Bridie22 Mon 12-Aug-24 08:35:13

It is a trend sara1954, statistics sadly bear this out, and it appears it is mothers not fathers who are to blame as cause of estrangement.
As a mother, I tried, I tried so very hard tying myself in knots trying to fix a situation I didn't know the cause of...and ultimately there isn't a cause...just selfishness and cruelty and a sense of power on their side.
Me I'm powerless, I can do no more, they broke me, so their entitlement has ended.

Sara1954 Mon 12-Aug-24 08:39:24

Bridie, I disagree, I don’t think it’s a trend, I’m sorry for your situation, and I know nothing about you so I can’t comment.
But I sincerely doubt that anyone looks on it as a lifestyle choice, it will only happen when things eventually become intolerable.

Tuaim Mon 12-Aug-24 08:42:33

A relative of mine who suffered with delusions of grandeur married a woman of the same ilk. I cut contact years ago as they bored me rigid and I found them rude. However, they have two lovely sons who have done extremely well professionally. Enter scene new brides. The parents have been estranged post haste as they found the mother in law and father in law insufferable. Mother even tried to take over new daughter in law's wedding arrangements when she had a family of her own and she herself to arrange wedding. Mother in law now bewailing she was not included. Do people stop to think? If I had ever tackled them and said: But you are overbearing and controlling, they would have told me I was jealous and not as competent as they were.

Smileless2012 Mon 12-Aug-24 08:42:33

It does seem to be a growing trend.
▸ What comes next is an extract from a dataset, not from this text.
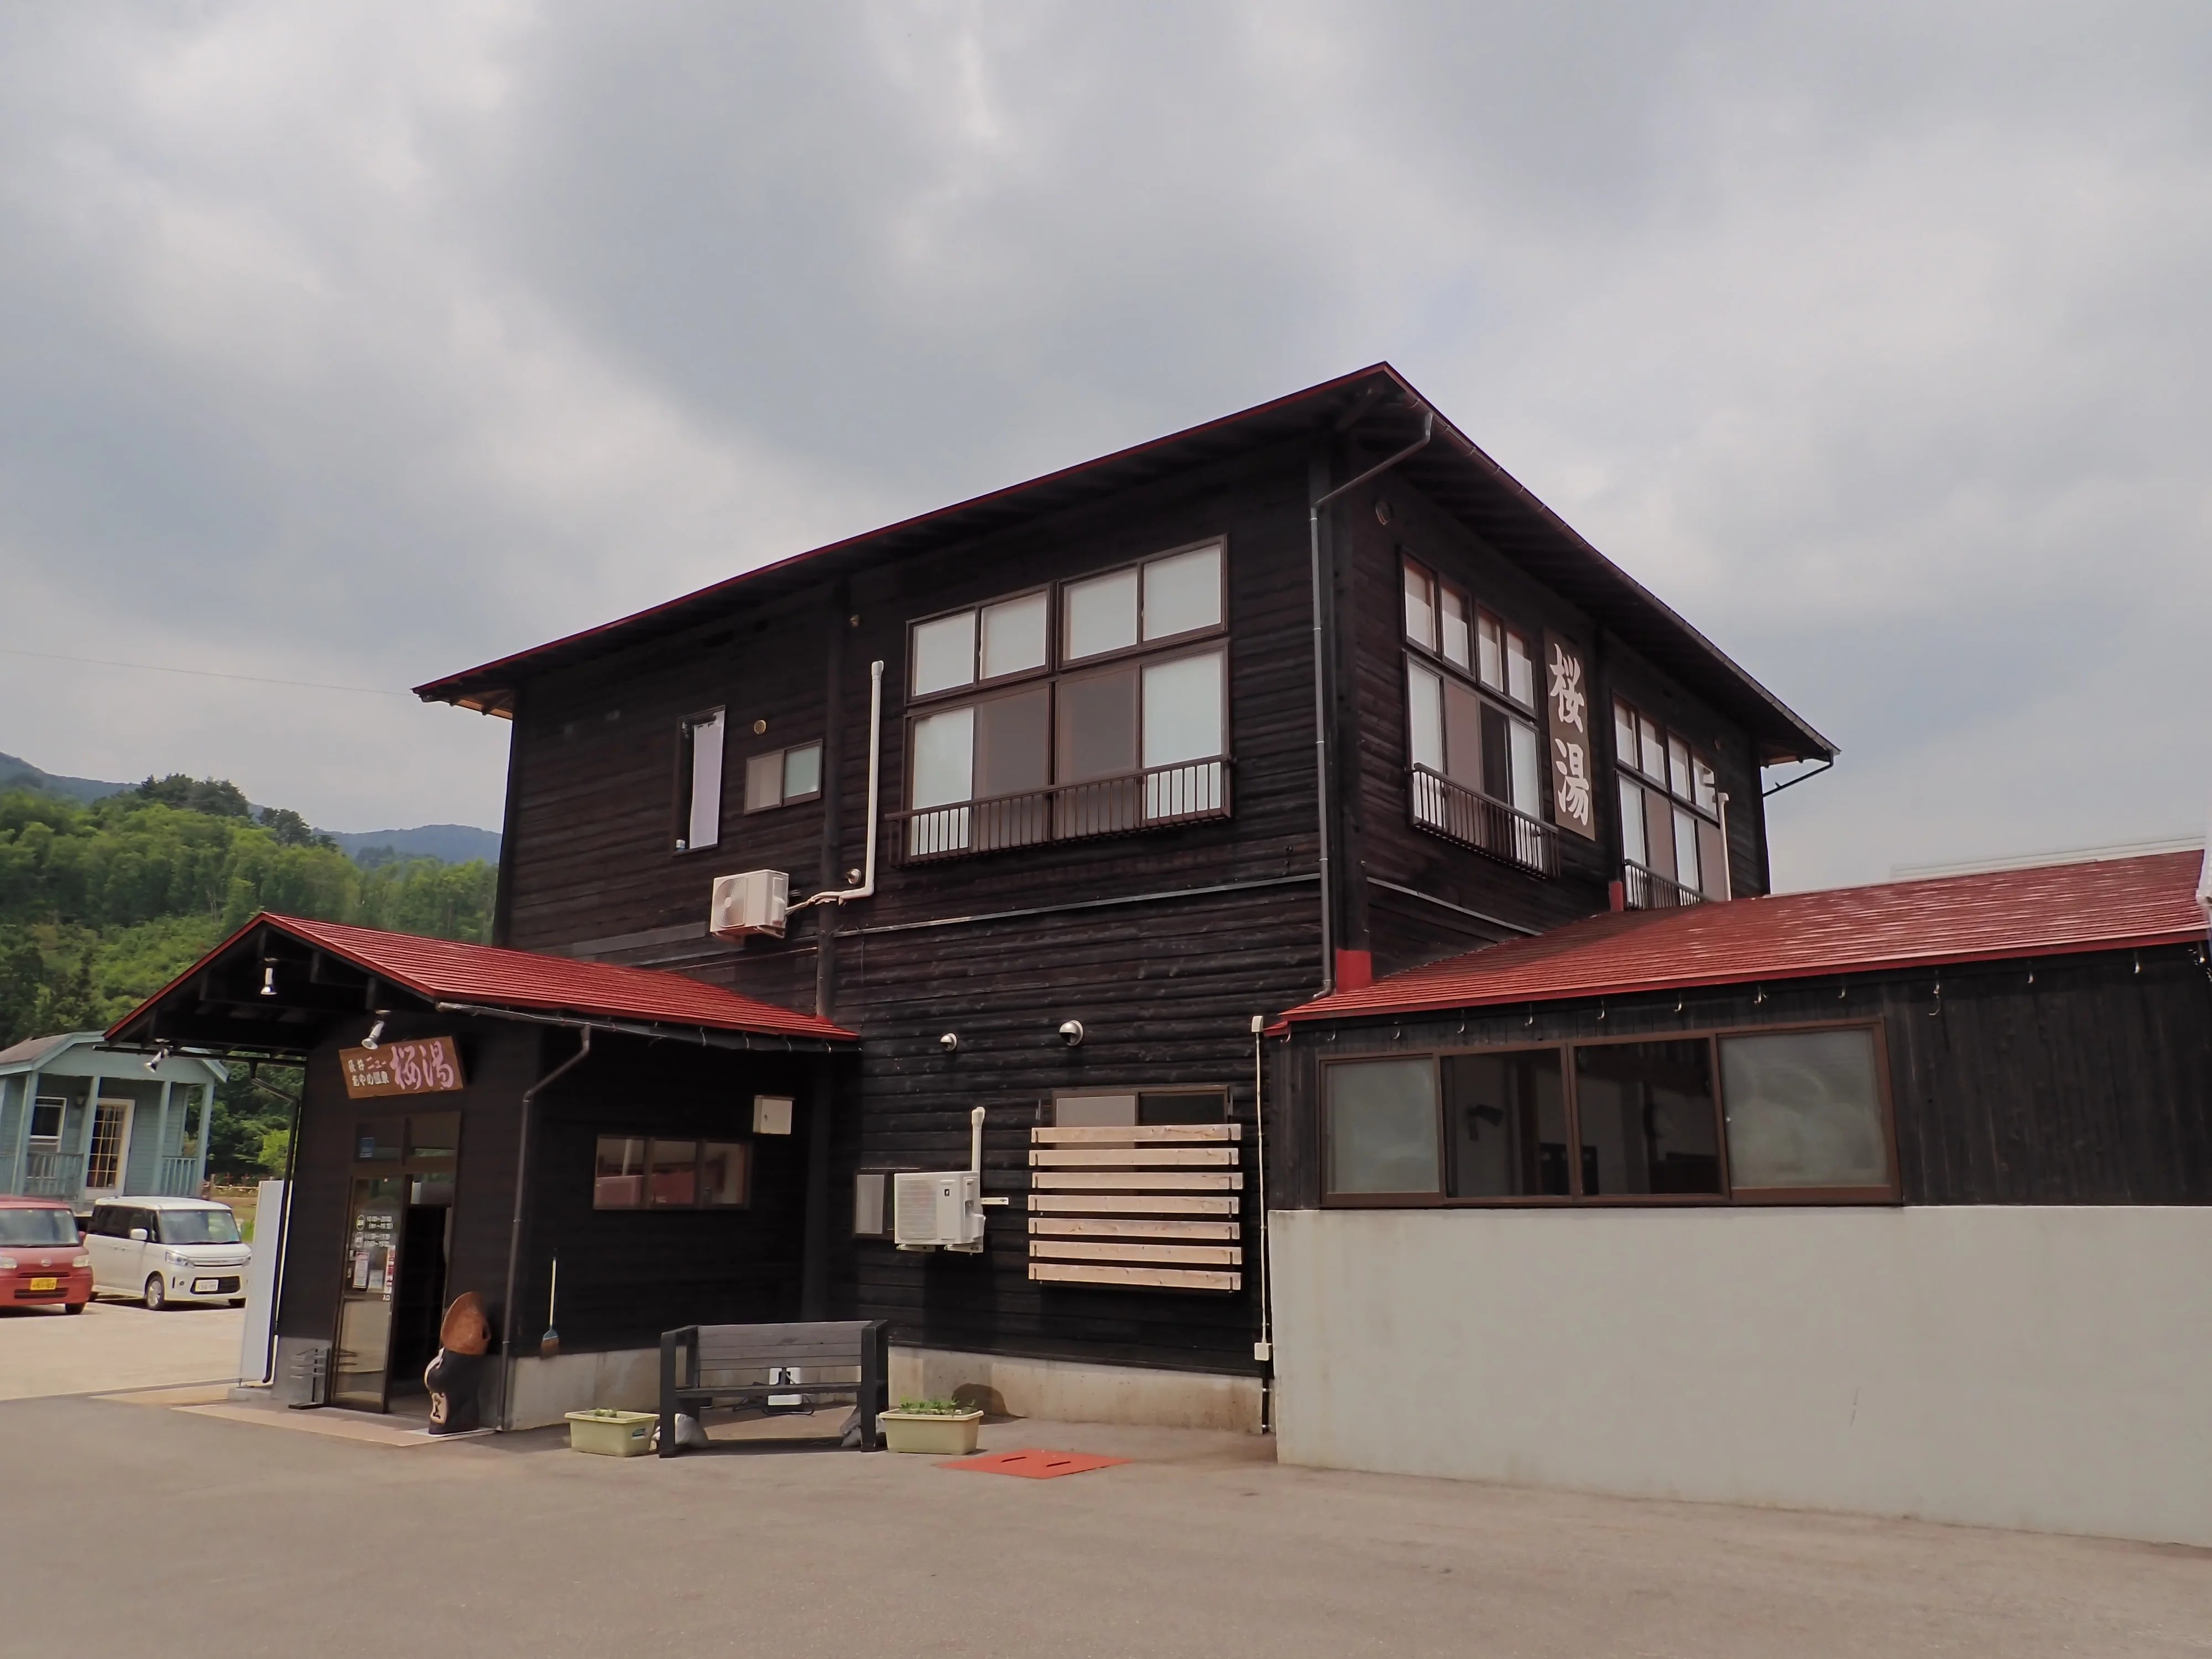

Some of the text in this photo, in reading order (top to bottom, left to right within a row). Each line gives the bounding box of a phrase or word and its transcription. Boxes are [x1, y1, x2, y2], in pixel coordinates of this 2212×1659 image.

[1549, 643, 1589, 825] 桜湯
[352, 1071, 389, 1087] あやめ温泉
[389, 1041, 454, 1091] 桜湯
As has already been posted here, estranging/going no contact is suggested by therapists, counsellors and even an Agony Aunt.

We also see on this thread and and have seen on others contributions from those who have estranged and do not want to inherit which makes sense to me, so I don't know why not including an EAC in your will is sometimes viewed as an act of anger or an absence of love. I don't assume that all who estrange are driven only by anger or because they don't have any love for those they've estranged.

I wouldn't want or expect to inherit from someone I'd refused to have any contact with. Inheritance is a gift, not a right. As parents, we don't have the right to have a relationship with our AC and our AC don't have a right to be our beneficiaries.

Galaxy Mon 12-Aug-24 08:47:44

Some psychologists are saying it seems to be increasing, but it appears there havent been any longterm studies, so we havent really got reliable data to go on.

Smileless2012 Mon 12-Aug-24 08:51:02

Enter scene new brides. The parents have been estranged post haste as they found the mother in law and father in law insufferable. Another common trend, parent and AC relationships torn apart by a third party.

Why can't some of these d's.i.l and s'.i.l. have nothing to do with their insufferable parents in law and allow their husbands and wives to continue to have their relationships with their parents. They can't be all bad to have raised two lovely sons angry.

Bridie22 Mon 12-Aug-24 09:03:19

I find not only has estrangement tainted my future, but it has also tainted the memories of my estranged children in their childhood, it has a skewed my whole memory.
Freedom of choice is a right I totally understand that, but it can come with consequences on both sides.
I cant comprehend how anyone who is intentionally cruel to you would expect to be entitled to anything.

Tuaim Mon 12-Aug-24 09:18:48

Smileless2012

^Enter scene new brides. The parents have been estranged post haste as they found the mother in law and father in law insufferable^. Another common trend, parent and AC relationships torn apart by a third party.

Why can't some of these d's.i.l and s'.i.l. have nothing to do with their insufferable parents in law and allow their husbands and wives to continue to have their relationships with their parents. They can't be all bad to have raised two lovely sons angry.

Good point and one I had not thought of. The parents have become much more difficult over the past 20 years as they became more entangled in their own world. The new DILs are modern professional women who 'do their own thing'. It is indeed a very sad situation.